The deal is simple: We give North Korea massive energy supplies in the form of heavy fuel oil and they suspend all nuclear activities - even "peaceful" civilian energy initiatives. The Bush Administration is eager to emphasize the fact that all nuclear activities are suspended, not even allowing light water reactors, even though they pose no military threat whatsoever. This meaningless restriction is meant to be the defining difference between this agreement and the Clinton Administration's Agreed Framework, showing that the hard nosed hawkishness of our President Bush has paid dividends.
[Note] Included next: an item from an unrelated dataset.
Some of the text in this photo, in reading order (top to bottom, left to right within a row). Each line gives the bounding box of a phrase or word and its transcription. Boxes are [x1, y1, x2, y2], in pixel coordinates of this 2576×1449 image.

If you ignore this hogwash, the deal is essentially Clinton's Agreed Framework - a gain of nothing after 6 years of inaction.
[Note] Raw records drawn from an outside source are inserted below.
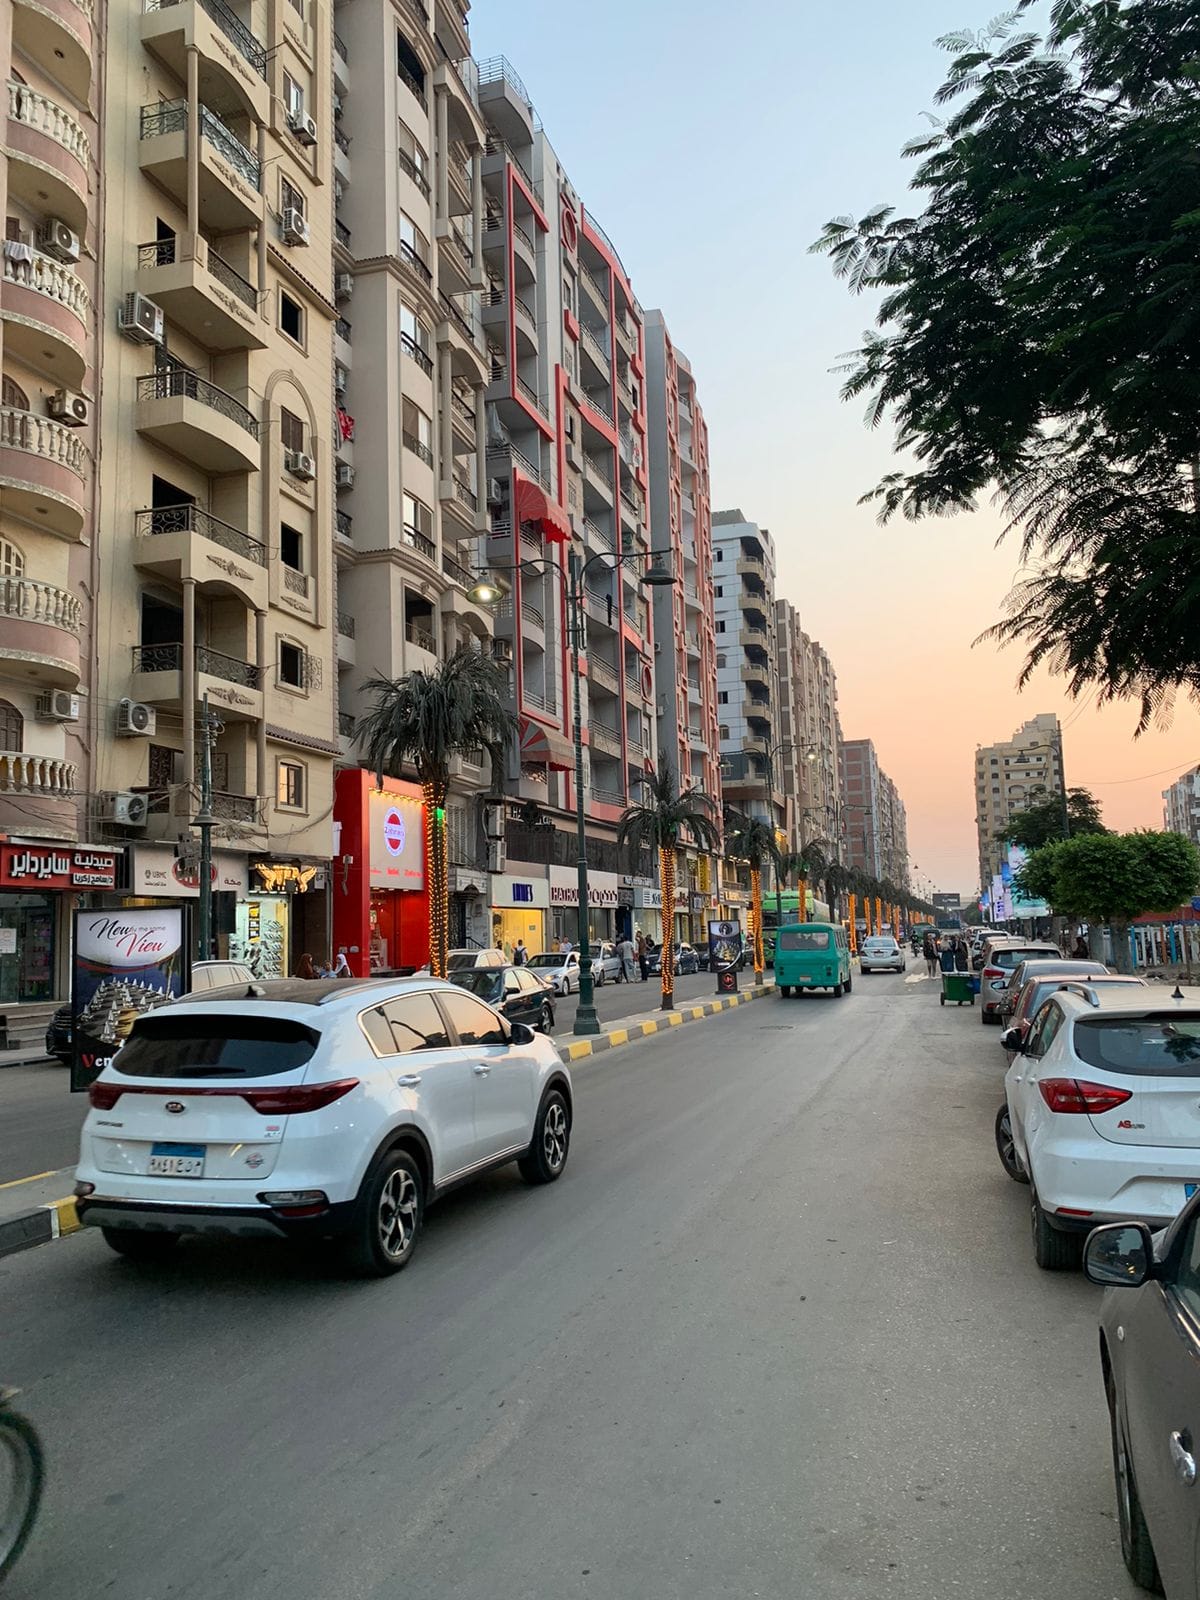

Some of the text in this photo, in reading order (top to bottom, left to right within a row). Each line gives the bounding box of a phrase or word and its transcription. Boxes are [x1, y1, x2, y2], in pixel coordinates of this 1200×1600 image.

[11, 851, 70, 878] سايرداير
[75, 853, 114, 869] صيدلية
[551, 887, 579, 902] HATHO
[89, 918, 132, 940] New
[116, 930, 166, 957] View
[82, 1054, 112, 1067] Ven
On the other side of the scale, of course, is the new existence of around a dozen nuclear weapons in the hands of the North Korean government, a "terrorist state." Weigh that against light water reactors and come to your own conclusion about whether this is a victory or defeat for George W. Bush's America.
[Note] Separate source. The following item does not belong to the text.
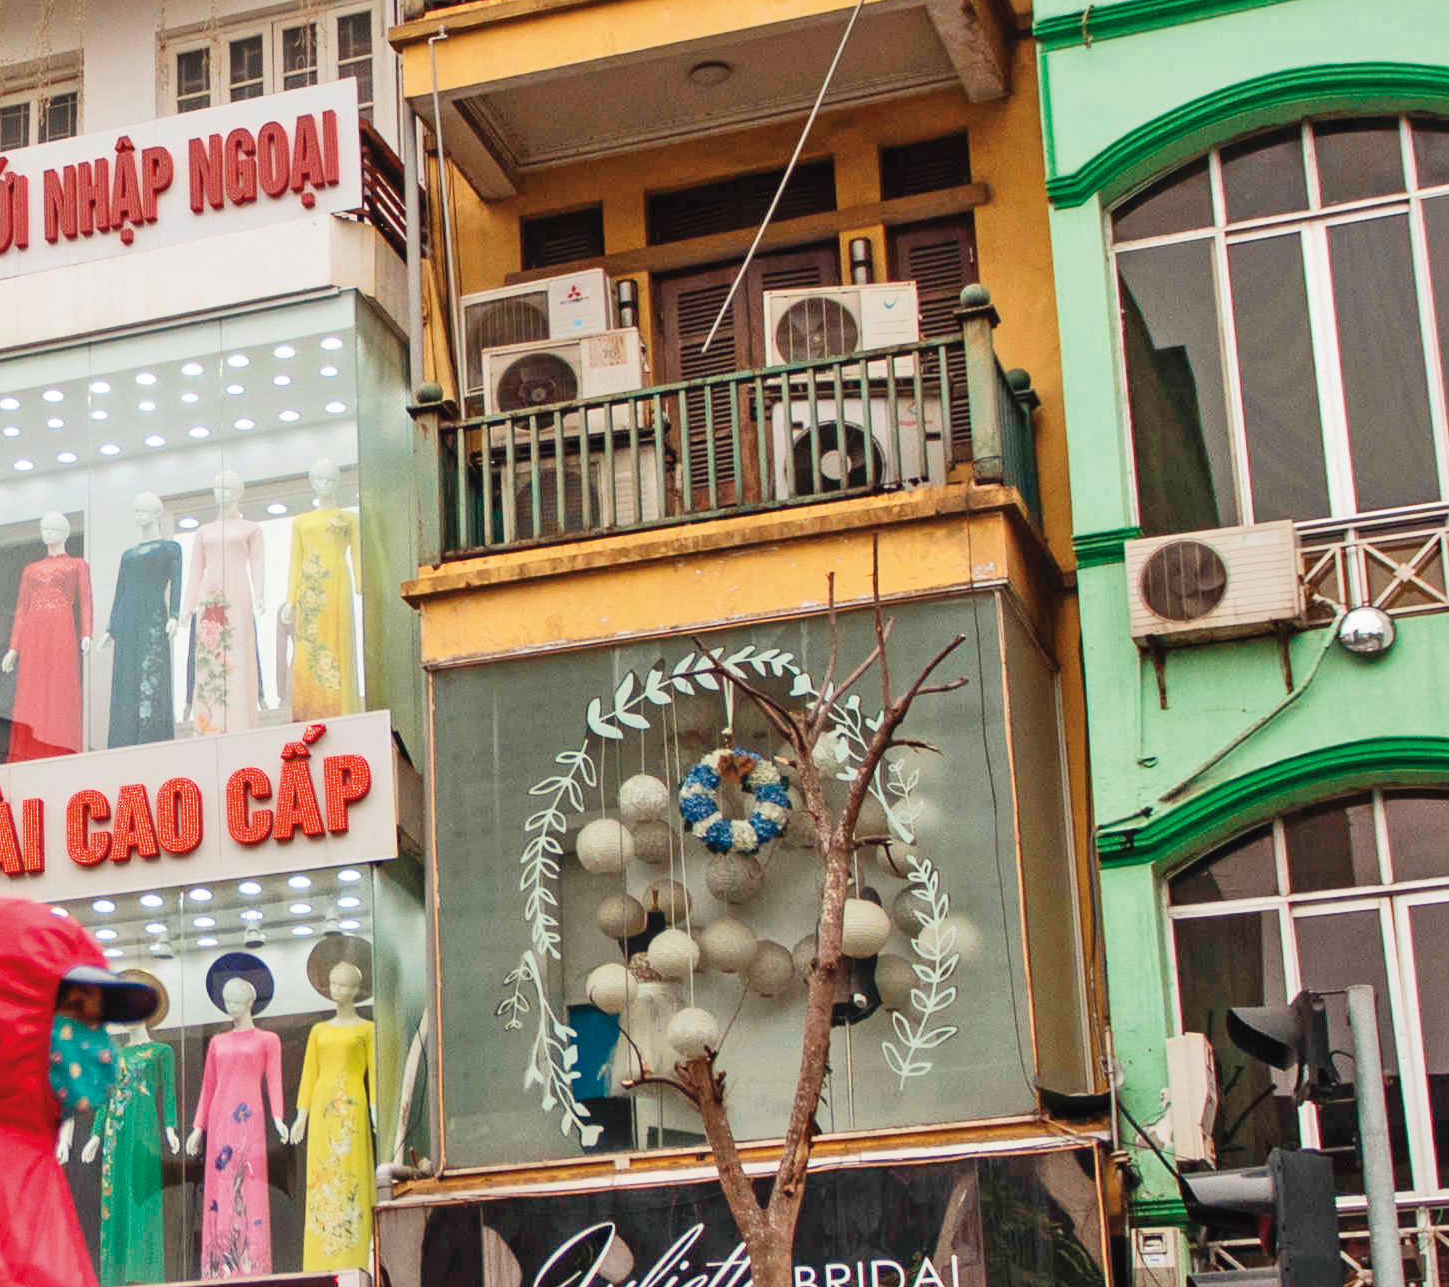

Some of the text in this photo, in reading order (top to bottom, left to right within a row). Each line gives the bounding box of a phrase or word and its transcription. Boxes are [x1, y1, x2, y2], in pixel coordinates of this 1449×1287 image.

[43, 135, 174, 246] NHẬP
[188, 108, 342, 210] NGOẠI
[66, 776, 204, 868] CAO
[227, 722, 374, 847] CẤP
Predictably, Tony Snow received the following question during the White House press briefing:
There seems to be some conservative push back, I guess, about the North Korea deal. Wall Street Journal editorial page called it the "faith-based nonproliferation." What's your sense about that?The conservative push back was lead by former U.N. Ambassador John Bolton, of all people:
Bolton said the accord "contradicts the President's policy" of past years.His criticism, and that from other conservatives is essentially a reaction against Clintonism. We've allowed the North Koreans to build a dozen plutonium-based weapons, and we're dealing with it by going back to the same bribe that Bill Clinton thought was the appropriate response. Needless to say, acknowledgements that Clinton was right incense conservatives. They spout the "critics-just-hate-George-W-Bush" rhetoric so fluently because of the animus in their heart towards Clinton.
Further, he said the deal sends a "terrible signal to would-be proliferators," and "for a variety of reason I hope we are able to rethink this."
Looking back at my jotted working title, I have a thought: Am I "blaming America first" here? Am I delighting in our abject failure? Of course not. What has happened with our North Korean policy has made me and my family less safe. I would never root for such an outcome, but it illustrates nicely the depths of incompetence dominating our times.